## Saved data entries
---+---
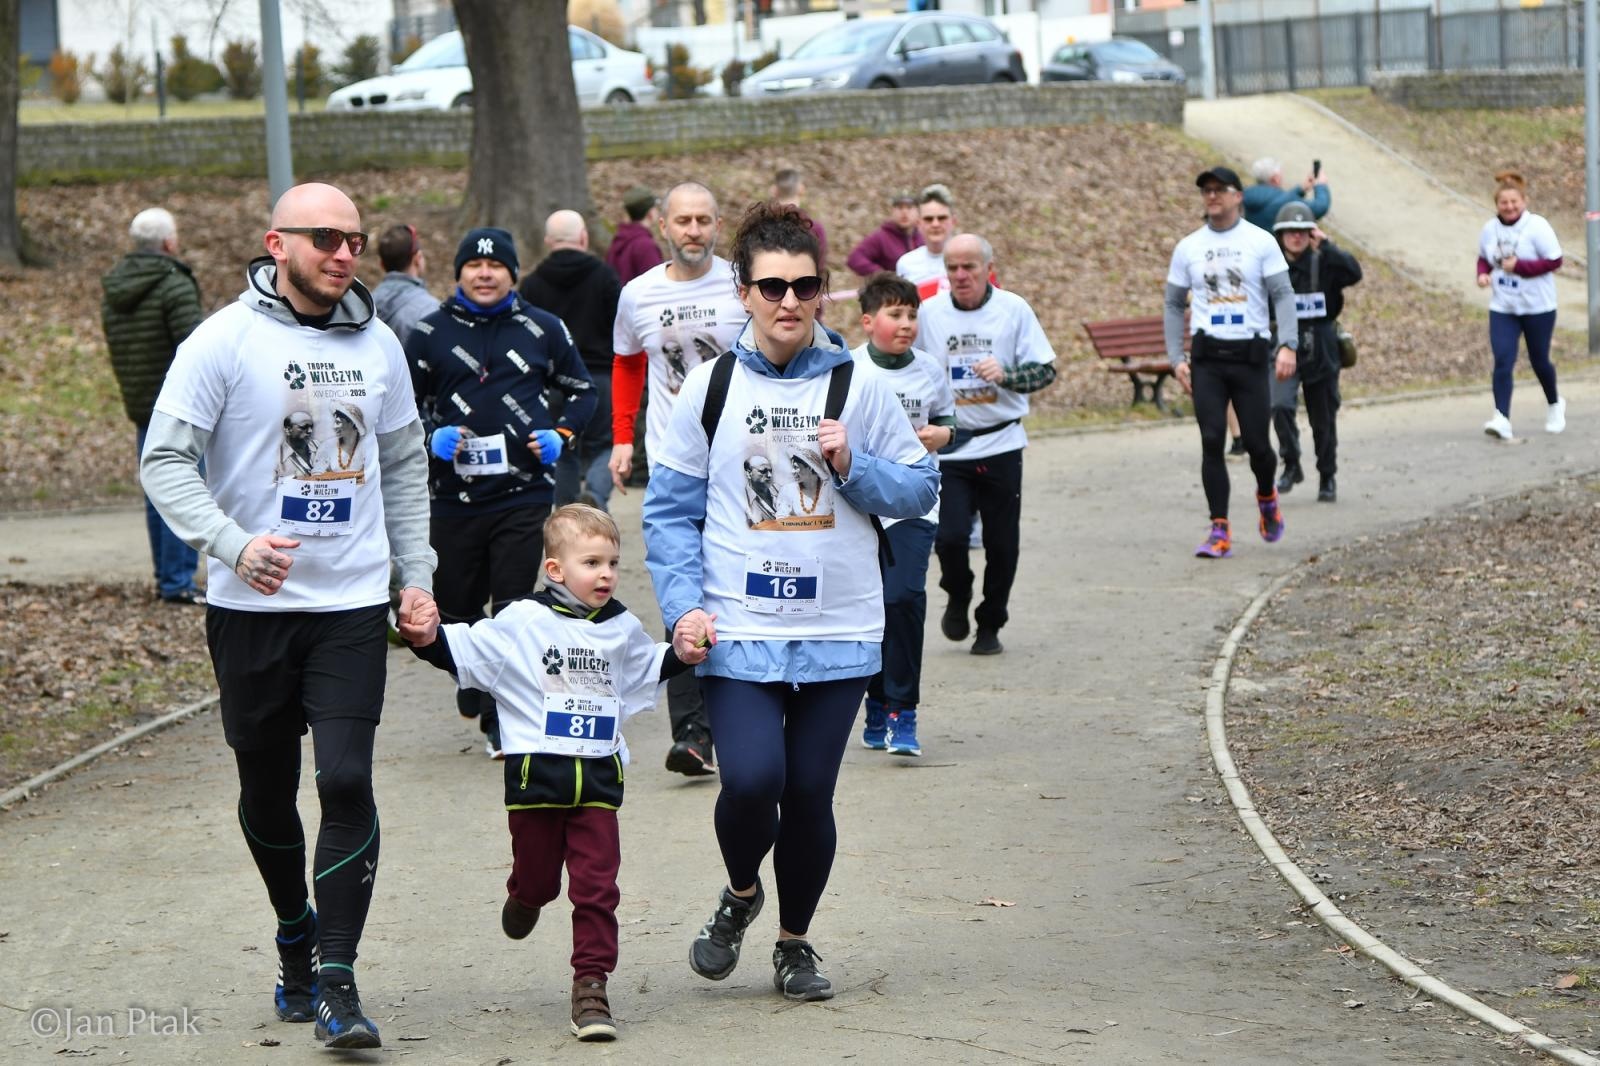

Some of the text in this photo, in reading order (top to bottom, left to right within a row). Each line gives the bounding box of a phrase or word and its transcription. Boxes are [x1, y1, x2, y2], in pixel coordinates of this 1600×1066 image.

[677, 308, 716, 320] WILCZYM
[307, 362, 335, 370] TROPEM
[309, 370, 364, 383] WILCZYM
[313, 388, 367, 398] XIV EDYCJA 2026
[901, 399, 921, 408] CZYM
[771, 407, 798, 415] TROPEM
[783, 434, 806, 443] EDYCJA
[807, 434, 819, 442] 202
[469, 450, 488, 465] 31
[314, 488, 339, 496] WILCZYM
[305, 500, 336, 522] 82
[774, 566, 801, 574] WILCZYM
[769, 577, 798, 598] 16
[567, 647, 595, 657] TROPEM
[568, 676, 579, 685] XIV
[580, 676, 604, 685] EDYCJA
[577, 704, 603, 712] WILCZYM
[569, 715, 597, 738] 81
---+---
## Goal of the exercise
Your task is to copy the entries in full and exactly, without any images.

## Your response
Some of the text in this photo, in reading order (top to bottom, left to right within a row). Each line gives the bounding box of a phrase or word and its transcription. Boxes are [x1, y1, x2, y2], in pixel coordinates of this 1600×1066 image.

[677, 308, 716, 320] WILCZYM
[307, 362, 335, 370] TROPEM
[309, 370, 364, 383] WILCZYM
[313, 388, 367, 398] XIV EDYCJA 2026
[901, 399, 921, 408] CZYM
[771, 407, 798, 415] TROPEM
[783, 434, 806, 443] EDYCJA
[807, 434, 819, 442] 202
[469, 450, 488, 465] 31
[314, 488, 339, 496] WILCZYM
[305, 500, 336, 522] 82
[774, 566, 801, 574] WILCZYM
[769, 577, 798, 598] 16
[567, 647, 595, 657] TROPEM
[568, 676, 579, 685] XIV
[580, 676, 604, 685] EDYCJA
[577, 704, 603, 712] WILCZYM
[569, 715, 597, 738] 81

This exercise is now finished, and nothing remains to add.